Dr. Collins pointed out that we incorrectly cited his results regarding the incidence of difficult laryngoscopy in an obese population. Misinterpretation of the data in the process of data extraction for a meta-analysis is possible unless additional information is requested from every author cited, which is unduly challenging. We recalculated the incidence of difficult intubation (more precisely, difficult laryngoscopy) in obese patients according to corrected data provided by Dr. Collins. Our revised analysis showed the incidence of difficult laryngoscopy in obese patients to be 12.7% (95% confidence interval, 11.5–14.0%), which was 15.8% (95% confidence interval, 14.3–17.5%) in our original data and is still more than twice as high as that in nonobese patients. This suggests that difficult laryngoscopy is more likely to occur in obese patients than in nonobese patients. More than a decade ago, Wilson showed obesity to be a risk factor for difficult intubation or difficult laryngoscopy,3 but whether it is indeed a risk factor remains controversial. Further discussion on this topic is needed.
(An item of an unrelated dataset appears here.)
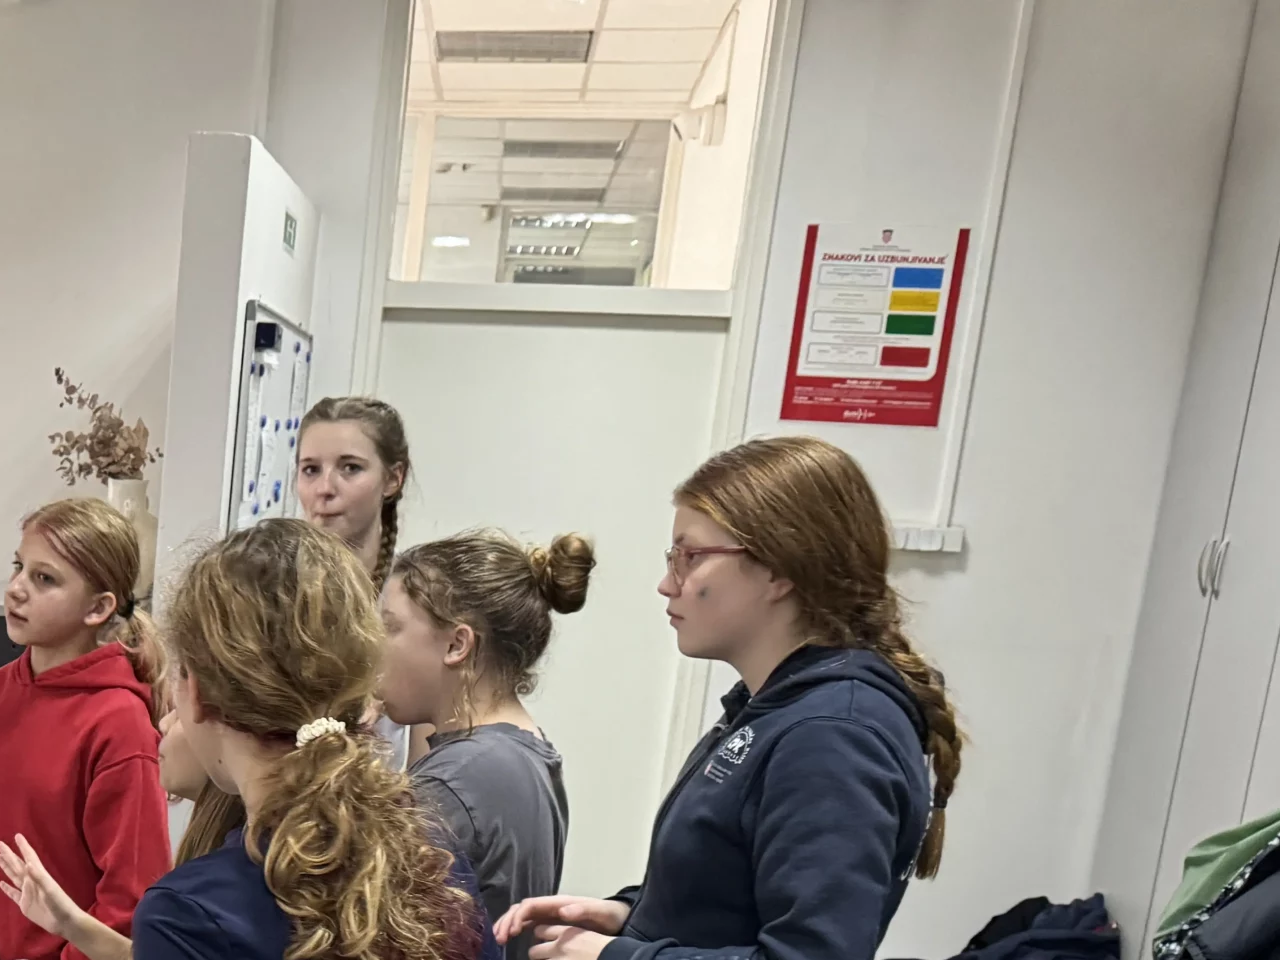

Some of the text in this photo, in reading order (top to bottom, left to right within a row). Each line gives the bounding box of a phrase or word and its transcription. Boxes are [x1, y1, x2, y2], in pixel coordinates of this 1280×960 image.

[822, 252, 946, 264] ZNAKOVI ZA UZBUNJIVANJE
We think the average anesthesiologist is not as skilled in dealing with airways of obese patients as are those who experience a high volume of these cases, such as those at Dr. Collins’ bariatric surgical center. We believe that the head-elevated laryngoscopy position is very useful in working with obese patients, but further randomized controlled trials are required.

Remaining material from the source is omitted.